Norrie, who was born a male and underwent a “sex affirmation procedure”, applied to the Registrar pursuant to s 32DA of the Act to have her sex registered as “non-specific” in accordance with the powers granted to the Registrar by s 32DC.  After initially approving the application, the Registrar recorded Norrie’s sex as “not stated.”  Norrie sought review of the Registrar’s decision in the Administrative Decisions Tribunal, which held that it was not open to the Registrar under the Act to register Norrie’s sex as “non-specific”.  This decision was upheld by the Administrative Decisions Tribunal Appeal Panel.  The New South Wales Court of Appeal allowed Norrie’s appeal against the Tribunal decisions.  The question for the High Court was whether the Act recognised that a person’s sex may be neither male nor female and therefore whether the Act allowed for registration under a “non-specific” sex category.

The High Court Decision

In discussing the provisions of the Act, the Court observed, among other matters, that the function of the Registrar in determining an application under s 32DC of the Act for registration of a person’s change of sex is principally to record information provided by members of the community; the Registrar’s decision-making power does not extend to the making of an moral or social judgments, the resolution of medical questions or the formation of views about a sex affirmation procedure.

The Court further observed that the relevant legislative provisions dealing with an application to register a change of sex (being Part 5A of the Act) were introduced by legislation which amended the Anti-Discrimination Act 1977 (NSW) by adding definitions of “recognised transgender person” and “transgender person”.  Accordingly, the Court noted that it must interpret the relevant provisions of the Act in the context in which they were enacted, i.e., a context of express legislative recognition of the existence of persons of “indeterminate sex”.

Given the provisions of the Act and the context in which the Act is to be construed, the Court held that the Act recognises that not everyone is male or female and acknowledges “ambiguities.”

Further, the Court rejected a submission by the Registrar that unacceptable confusion would ensue if the Act recognised more than two categories of sex (i.e., male and female) or “uncategorised” sex.  The Court held that this difficulty only arises where the law requires categorisation as male or female for the purposes of legal relations whereas, for the most part, an individual’s sex is irrelevant to such legal relations (putting aside the issue of marriage).

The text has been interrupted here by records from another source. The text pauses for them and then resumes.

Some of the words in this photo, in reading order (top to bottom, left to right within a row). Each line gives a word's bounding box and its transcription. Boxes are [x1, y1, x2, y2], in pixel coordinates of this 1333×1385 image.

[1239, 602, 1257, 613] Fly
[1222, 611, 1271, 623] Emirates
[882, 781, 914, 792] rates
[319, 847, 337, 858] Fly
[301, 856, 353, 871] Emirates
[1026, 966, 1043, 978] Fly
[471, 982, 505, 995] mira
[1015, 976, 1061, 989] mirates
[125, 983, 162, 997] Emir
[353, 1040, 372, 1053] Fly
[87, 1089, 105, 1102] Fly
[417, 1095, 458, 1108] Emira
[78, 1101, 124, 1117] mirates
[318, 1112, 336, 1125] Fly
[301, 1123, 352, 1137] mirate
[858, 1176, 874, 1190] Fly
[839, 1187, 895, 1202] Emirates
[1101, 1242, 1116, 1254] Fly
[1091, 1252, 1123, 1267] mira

The Court noted that the material before the Registrar showed that Norrie’s sex affirmation procedure had not eliminated the ambiguities relating to Norrie’s sex.  In those circumstances, the Court concluded that the Registrar was not required to resolve those ambiguities; it was open to the Registrar to register Norrie’s change of sex by recording the change from classification as male to non-specific.

Comment

The High Court’s decision is particularly significant in recognising the possibility of an alternative to binary male or female sex categories, and expressly acknowledging an individual’s right to adopt a legal status outside those strict and traditionally enforced categories.

While the decision is limited in application to Part 5A of the Act, it may well serve as a useful precedent for the purposes of interpreting analogous state legislation outside NSW and more broadly.